The Guardian investigation also revealed that some aged people and those with underlining ailments are more likely to need ventilators and some may be on ventilators for more than a week.


Some of the private hospitals charge between N130, 000 to N260,000 per day for a ventilator. The cost of a hospital room depends on the classification of the hospitals, but the cheapest will cost between N6, 000 and N10,000 a day.

At least 200 Personal Protective Equipment (PPE) kits are required in a COVID-19 hospital with 100 beds and doctors and nurses will have to change their kits every four hours. If a health worker is nursing a critically ill with heavy load of virus, the PPE kits have to be changed frequently.

Investigation revealed that one standard PPE kit costs between N4,000 and N6,000. Prices of the medicines will also vary from person to person. Antibiotics, anti-vitriol and other medicines administered on each patient cost between N3,000 and N6,000 daily, besides his or her food.

Reacting to the situation, a consultant public health physician/epidemiologist and member of Lagos State COVID-19 Response Team, Prof. Akin Osibogun, said: “The full ramifications of the infection by the virus is not yet known. Health workers who go into the isolation wards must protect themselves from infection. If they wear Hazmat suits each time they go in to see patients, they must discard the suits once they come out. There is a protocol for going in and coming out of the ward. Because the suit generates a lot of heat, the healthcare worker cannot comfortably stay in the ward while inside the suit for an hour. Depending on how many times and how many healthcare workers go into the ward, you can begin to see that it is not cheap.


“Please research to find out the cost of Hazmat suits in Nigeria. Apart from the costs of the PPEs, including the Hazmat suit, there are other costs like running generators 24/7, remuneration and incentives for frontline workers, drugs, feeding and supportive staff. An outbreak is not what you want but it is something you just must combat vigorously to minimise greater mortality and economic costs. Detect, isolate and treat is a strategy to try and break transmission of the disease. It has worked in helping us keep the curve flat. Otherwise our health system would have been overwhelmed with an uncontrollable surge. Strategies will change at different stages of the outbreak and I believe the government is closely monitoring the evidence for decision-making.”

The Guardian gathered that it costs about N58,477.5 ($129.95) to buy one disposable Hazmat suit.
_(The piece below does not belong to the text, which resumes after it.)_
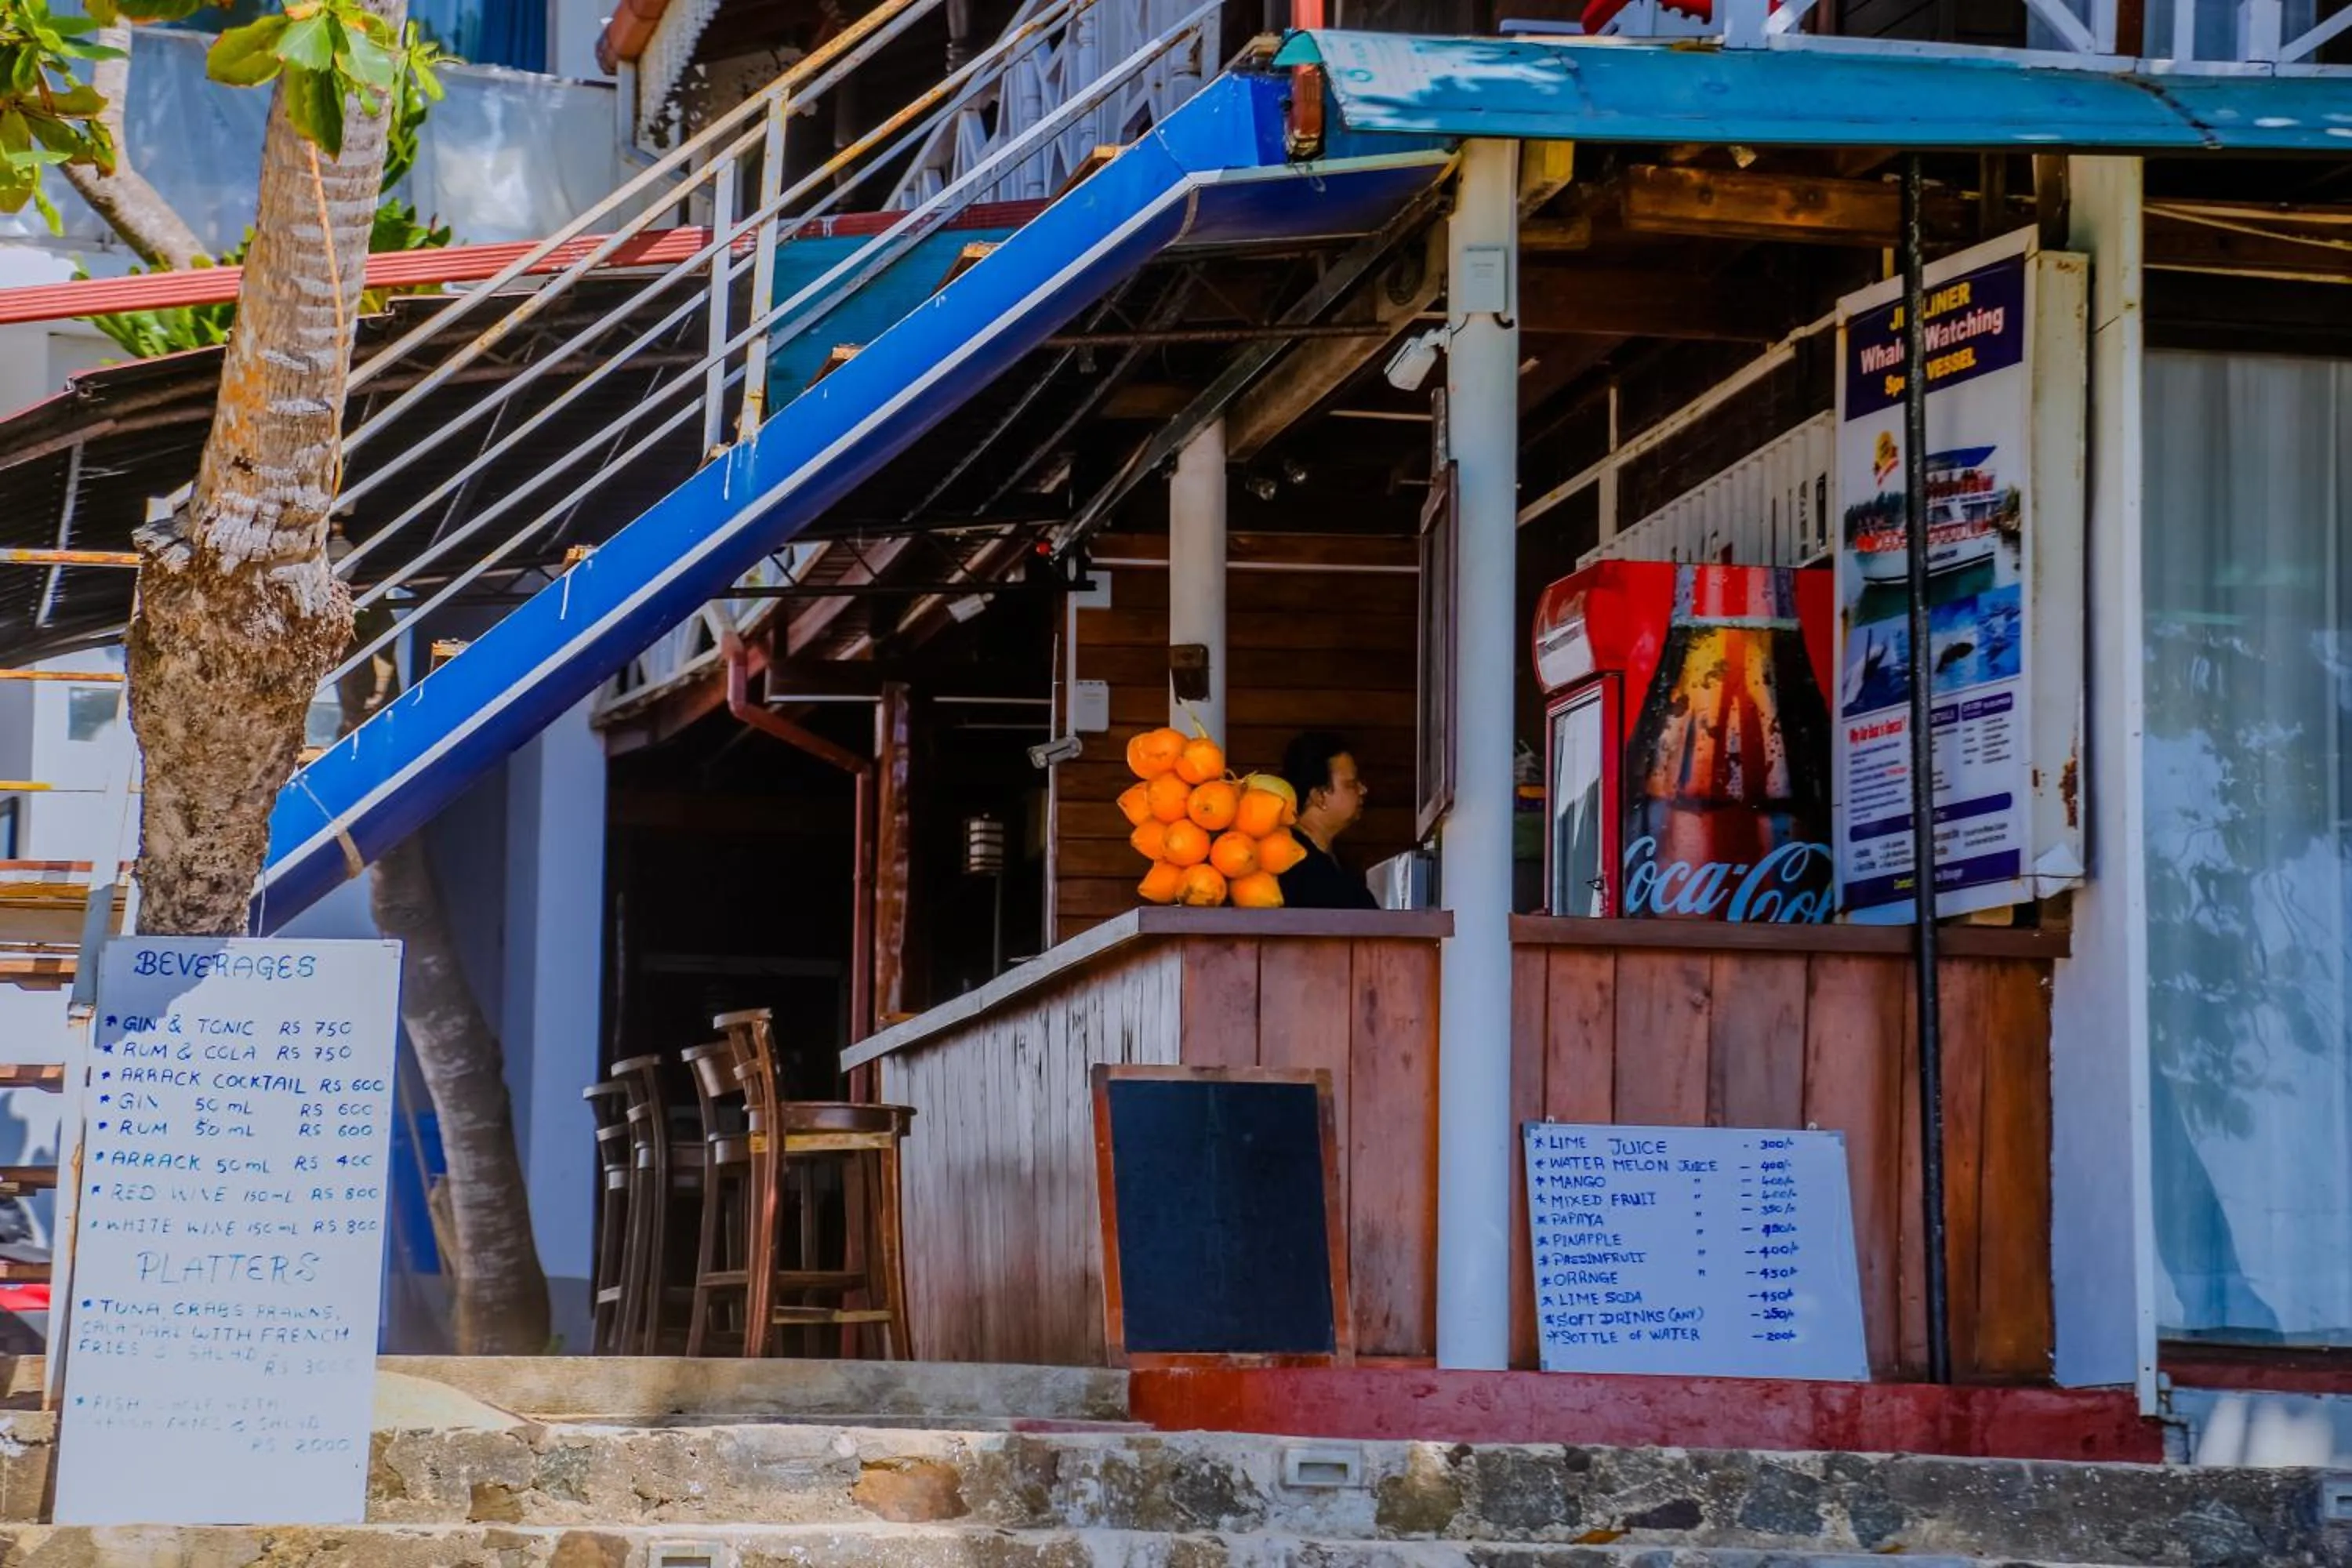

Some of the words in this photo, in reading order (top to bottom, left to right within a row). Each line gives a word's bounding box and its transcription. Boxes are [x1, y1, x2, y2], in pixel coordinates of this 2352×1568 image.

President, Nigerian Medical Association (NMA), Prof. Innocent Ujah, said: “It is difficult to give the real cost of treating one COVID-19 patient per day, but I can imagine that it will cost a fortune. It will include payment made to all health care providers (doctors, nurses, pharmacists, nutritionists and cleaners involved in the management), feeding of the patients daily, purchase of consumables and drugs, as well as payment for electricity, and even water.